- _PROMPT_: Could you reproduce all of the records exactly?
*** Opening AVAILABLE DATA ***
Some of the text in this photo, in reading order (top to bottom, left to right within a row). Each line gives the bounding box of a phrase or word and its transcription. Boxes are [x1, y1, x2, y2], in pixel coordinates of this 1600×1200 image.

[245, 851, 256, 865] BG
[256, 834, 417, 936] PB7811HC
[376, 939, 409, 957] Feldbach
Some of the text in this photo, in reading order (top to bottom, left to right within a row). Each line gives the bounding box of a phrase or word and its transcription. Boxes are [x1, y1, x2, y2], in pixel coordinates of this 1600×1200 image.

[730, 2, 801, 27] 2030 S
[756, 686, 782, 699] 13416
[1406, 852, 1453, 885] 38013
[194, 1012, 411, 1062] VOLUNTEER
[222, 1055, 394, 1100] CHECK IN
*** Closing AVAILABLE DATA ***
- _EXERCISE SOLUTION_:
Some of the text in this photo, in reading order (top to bottom, left to right within a row). Each line gives the bounding box of a phrase or word and its transcription. Boxes are [x1, y1, x2, y2], in pixel coordinates of this 1600×1200 image.

[245, 851, 256, 865] BG
[256, 834, 417, 936] PB7811HC
[376, 939, 409, 957] Feldbach
Some of the text in this photo, in reading order (top to bottom, left to right within a row). Each line gives the bounding box of a phrase or word and its transcription. Boxes are [x1, y1, x2, y2], in pixel coordinates of this 1600×1200 image.

[730, 2, 801, 27] 2030 S
[756, 686, 782, 699] 13416
[1406, 852, 1453, 885] 38013
[194, 1012, 411, 1062] VOLUNTEER
[222, 1055, 394, 1100] CHECK IN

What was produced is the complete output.